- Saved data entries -

BEGIN

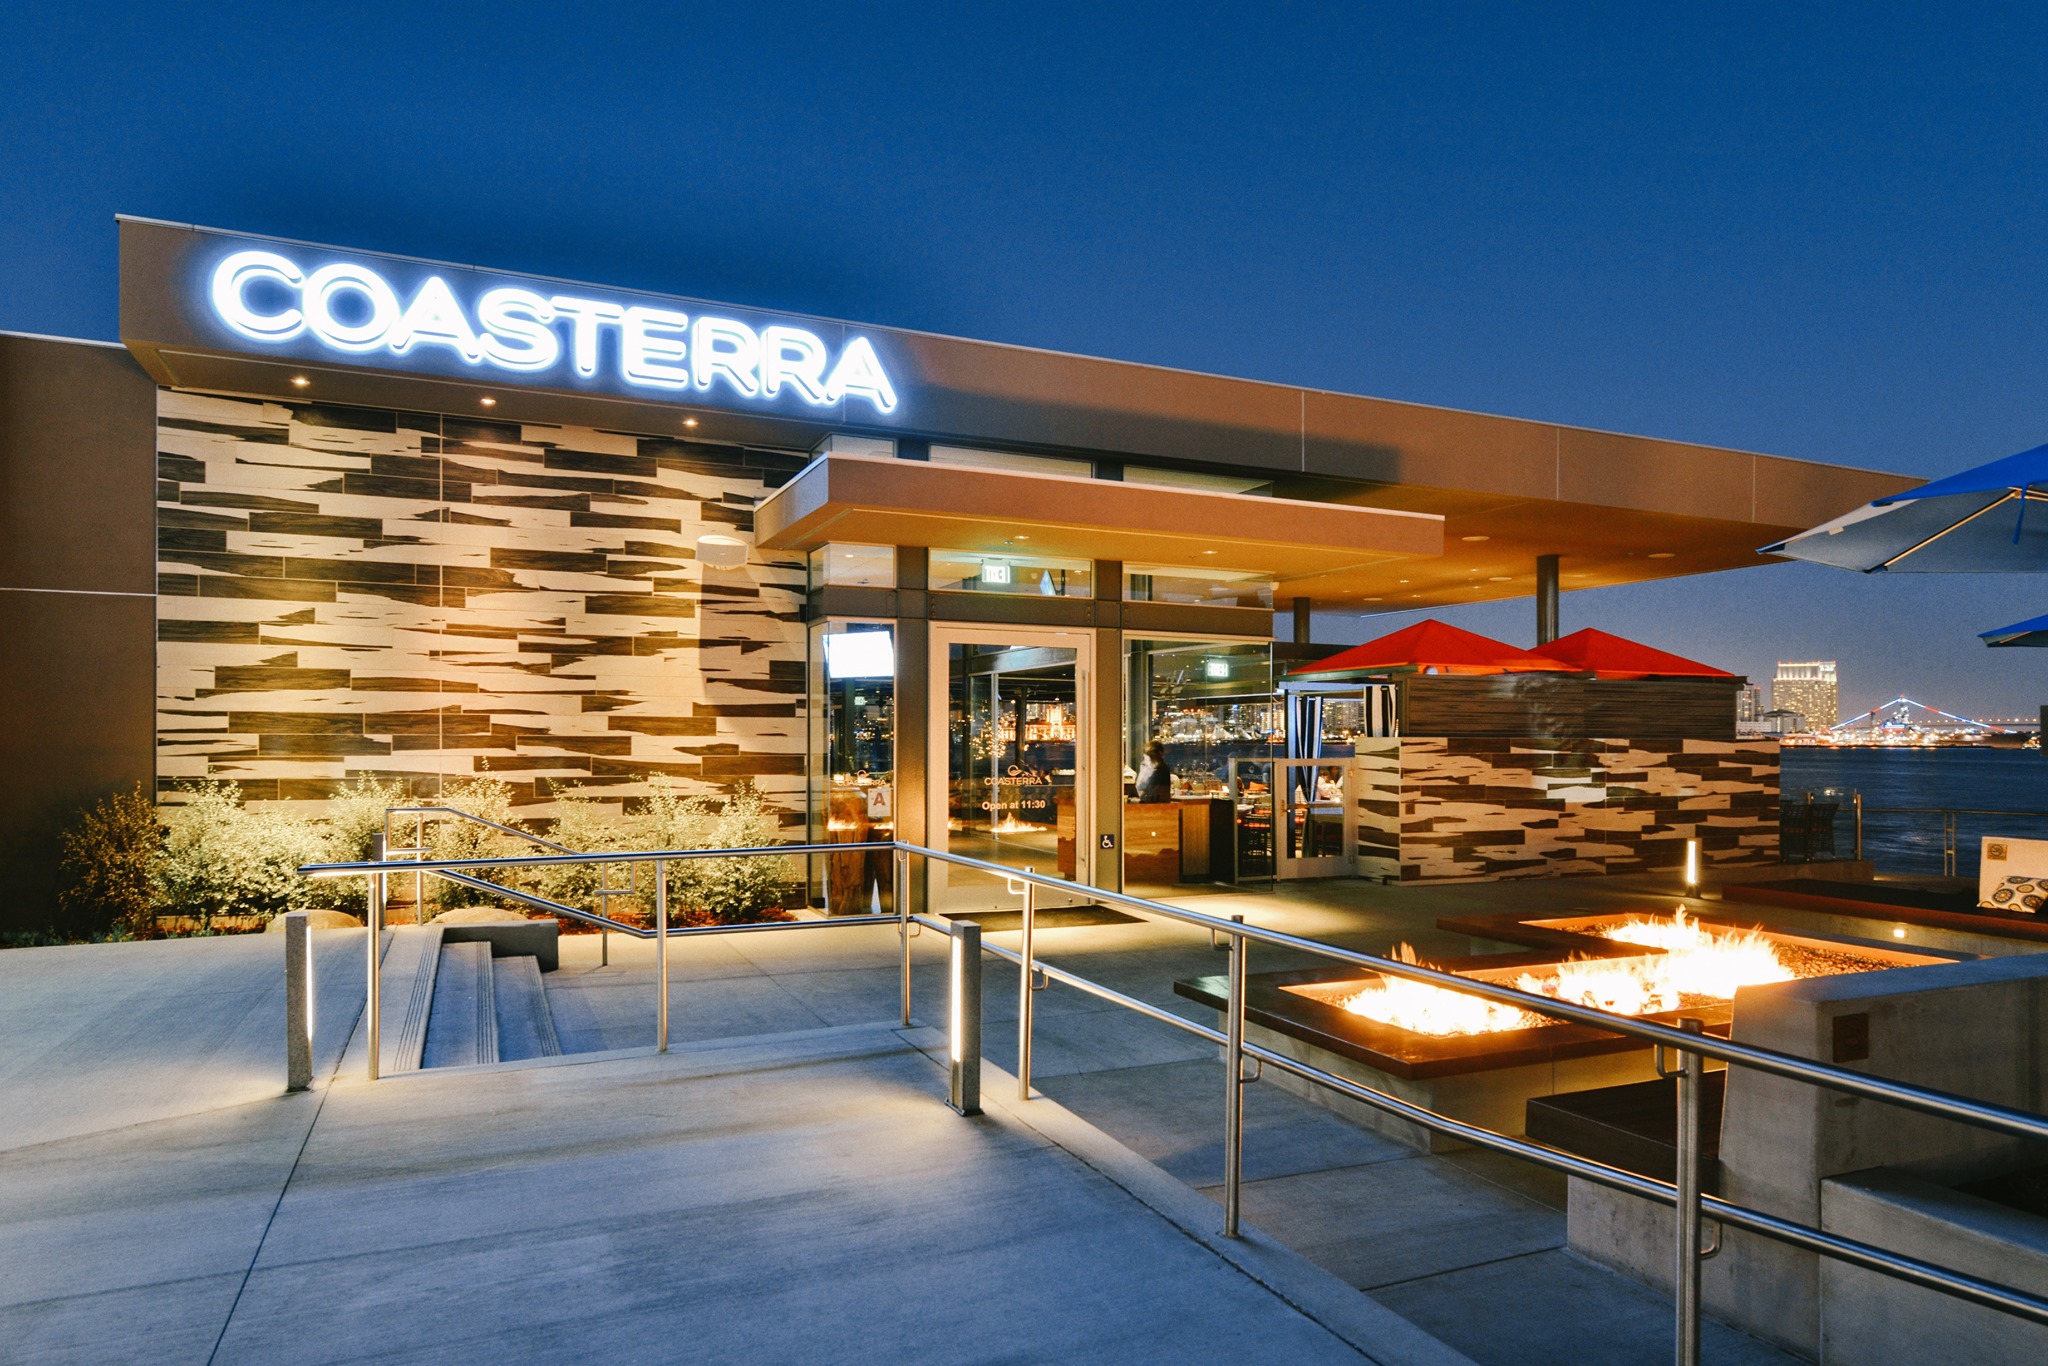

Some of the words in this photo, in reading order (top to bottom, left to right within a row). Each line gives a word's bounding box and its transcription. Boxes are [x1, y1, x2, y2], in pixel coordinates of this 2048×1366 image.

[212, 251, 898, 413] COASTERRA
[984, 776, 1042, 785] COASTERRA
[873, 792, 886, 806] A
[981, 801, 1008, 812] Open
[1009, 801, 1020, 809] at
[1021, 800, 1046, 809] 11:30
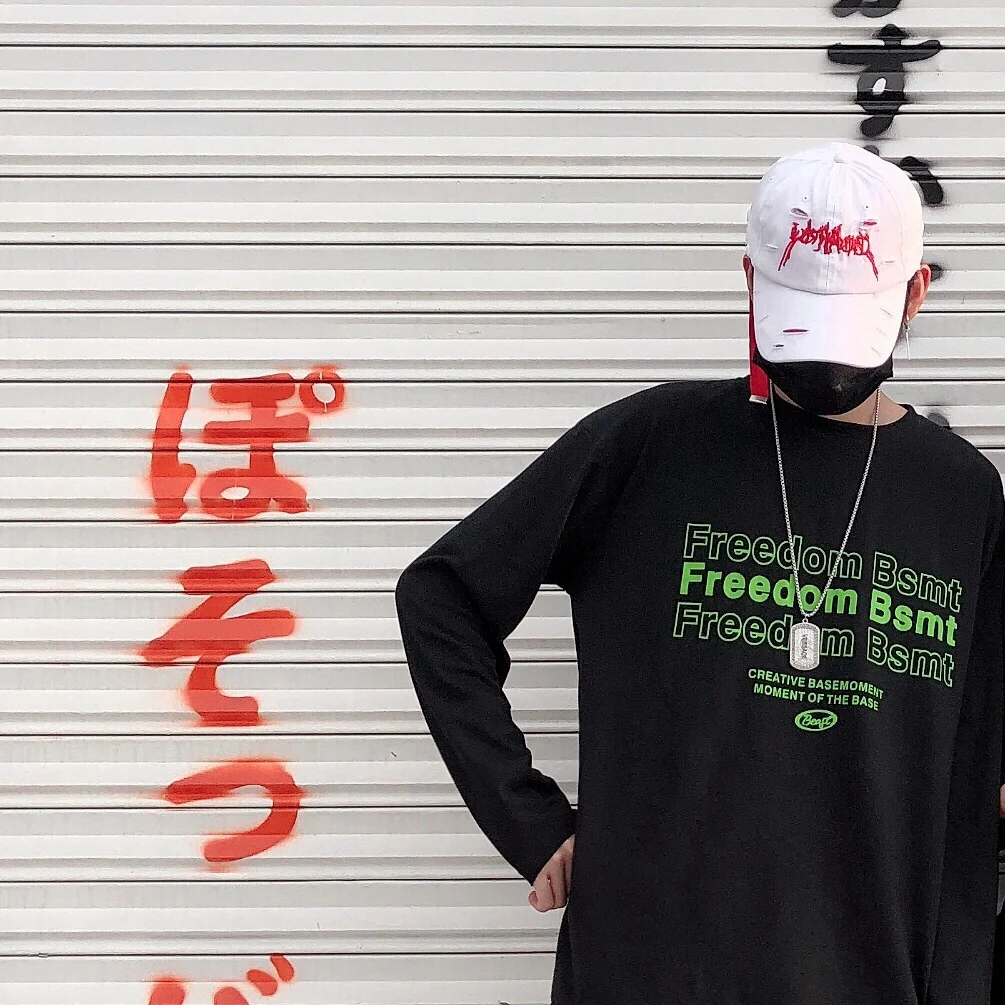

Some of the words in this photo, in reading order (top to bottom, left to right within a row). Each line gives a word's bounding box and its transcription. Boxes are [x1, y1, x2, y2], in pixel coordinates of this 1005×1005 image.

END

- PROMPT -
You are asked to output the records precisely as they appear, minus any pictures.

- ANSWER SECTION -
Some of the words in this photo, in reading order (top to bottom, left to right within a row). Each line gives a word's bounding box and its transcription. Boxes are [x1, y1, x2, y2], in pixel coordinates of this 2048×1366 image.

[212, 251, 898, 413] COASTERRA
[984, 776, 1042, 785] COASTERRA
[873, 792, 886, 806] A
[981, 801, 1008, 812] Open
[1009, 801, 1020, 809] at
[1021, 800, 1046, 809] 11:30

Some of the words in this photo, in reading order (top to bottom, left to right within a row). Each line gives a word's bounding box and its transcription. Boxes are [x1, y1, x2, y2], in pixel coordinates of this 1005×1005 image.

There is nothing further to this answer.